— Dataset records —
- Opening Delimiter -
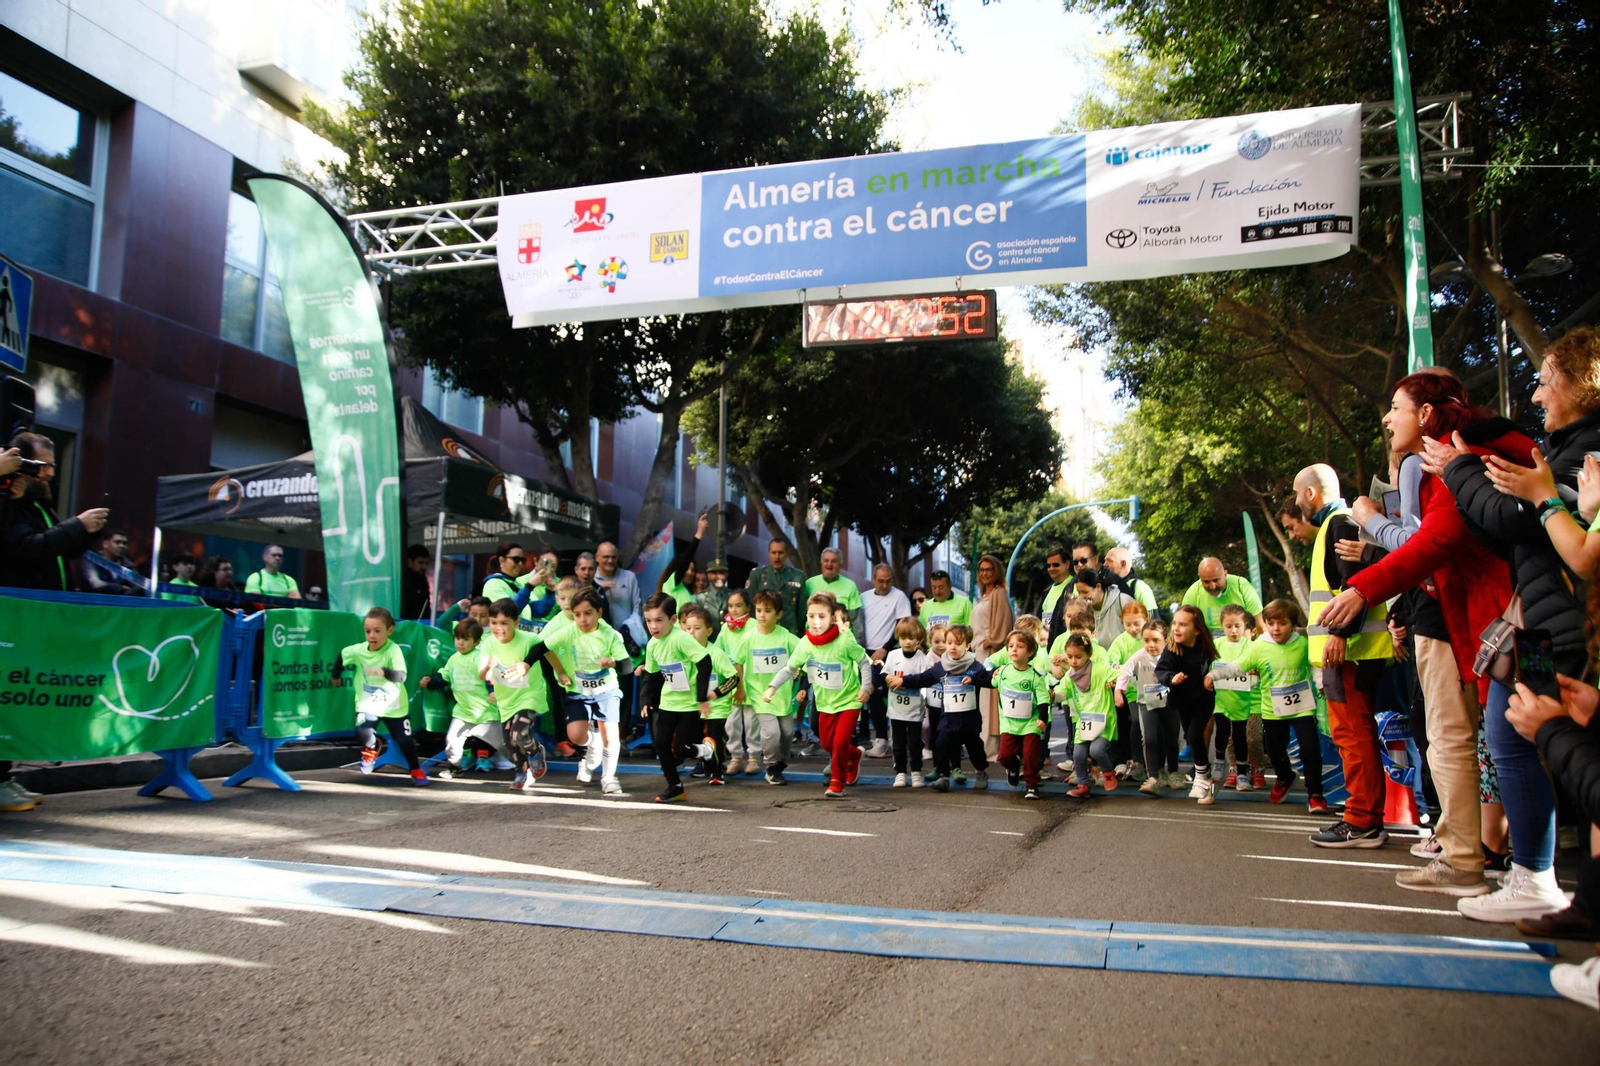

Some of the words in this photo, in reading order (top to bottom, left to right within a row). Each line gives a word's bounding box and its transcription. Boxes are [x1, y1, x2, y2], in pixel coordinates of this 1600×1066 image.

[1272, 128, 1343, 142] UNIVERSIDAD
[1273, 141, 1288, 150] DE
[1293, 134, 1344, 148] ALMERÍA
[1134, 142, 1212, 162] cajamar
[723, 172, 855, 211] Almería
[866, 170, 908, 194] en
[922, 153, 1061, 189] marcha
[1137, 194, 1191, 205] MICHELIN
[1211, 178, 1303, 200] Fundación
[1258, 203, 1290, 220] Ejido
[1293, 201, 1335, 213] Motor
[723, 216, 832, 248] contra
[843, 206, 877, 236] el
[886, 201, 1013, 232] cáncer
[1143, 225, 1181, 236] Toyota
[1279, 226, 1299, 234] Jeep
[1302, 222, 1318, 234] FIAT
[655, 233, 684, 247] SOLAN
[996, 236, 1040, 249] asociación
[1040, 235, 1077, 248] española
[1143, 236, 1187, 248] Alborán
[1190, 234, 1224, 244] Motor
[998, 247, 1023, 257] contra
[1024, 246, 1032, 255] el
[1032, 244, 1060, 255] cáncer
[998, 258, 1009, 266] en
[1010, 255, 1043, 265] Almería
[506, 268, 549, 282] ALMERÍA
[713, 268, 824, 286] #TodosContraElCáncer
[272, 659, 309, 676] Contra
[312, 661, 323, 674] el
[763, 656, 778, 666] 18
[8, 666, 31, 684] el
[36, 669, 106, 687] cáncer
[817, 669, 829, 681] 21
[309, 675, 332, 690] sol
[581, 678, 606, 688] 886
[0, 688, 50, 706] solo
[55, 692, 94, 707] uno
[371, 694, 387, 703] 24
[896, 695, 910, 706] 98
[952, 693, 967, 703] 17
[1009, 699, 1016, 709] 1
[1283, 693, 1301, 706] 32
[403, 719, 412, 736] 9
[1081, 721, 1092, 731] 31
- Closing Delimiter -
— Instructions to follow —
All records must be output exactly as they are, except for the pictures, which are left out.

— Exercise output —
Some of the words in this photo, in reading order (top to bottom, left to right within a row). Each line gives a word's bounding box and its transcription. Boxes are [x1, y1, x2, y2], in pixel coordinates of this 1600×1066 image.

[1272, 128, 1343, 142] UNIVERSIDAD
[1273, 141, 1288, 150] DE
[1293, 134, 1344, 148] ALMERÍA
[1134, 142, 1212, 162] cajamar
[723, 172, 855, 211] Almería
[866, 170, 908, 194] en
[922, 153, 1061, 189] marcha
[1137, 194, 1191, 205] MICHELIN
[1211, 178, 1303, 200] Fundación
[1258, 203, 1290, 220] Ejido
[1293, 201, 1335, 213] Motor
[723, 216, 832, 248] contra
[843, 206, 877, 236] el
[886, 201, 1013, 232] cáncer
[1143, 225, 1181, 236] Toyota
[1279, 226, 1299, 234] Jeep
[1302, 222, 1318, 234] FIAT
[655, 233, 684, 247] SOLAN
[996, 236, 1040, 249] asociación
[1040, 235, 1077, 248] española
[1143, 236, 1187, 248] Alborán
[1190, 234, 1224, 244] Motor
[998, 247, 1023, 257] contra
[1024, 246, 1032, 255] el
[1032, 244, 1060, 255] cáncer
[998, 258, 1009, 266] en
[1010, 255, 1043, 265] Almería
[506, 268, 549, 282] ALMERÍA
[713, 268, 824, 286] #TodosContraElCáncer
[272, 659, 309, 676] Contra
[312, 661, 323, 674] el
[763, 656, 778, 666] 18
[8, 666, 31, 684] el
[36, 669, 106, 687] cáncer
[817, 669, 829, 681] 21
[309, 675, 332, 690] sol
[581, 678, 606, 688] 886
[0, 688, 50, 706] solo
[55, 692, 94, 707] uno
[371, 694, 387, 703] 24
[896, 695, 910, 706] 98
[952, 693, 967, 703] 17
[1009, 699, 1016, 709] 1
[1283, 693, 1301, 706] 32
[403, 719, 412, 736] 9
[1081, 721, 1092, 731] 31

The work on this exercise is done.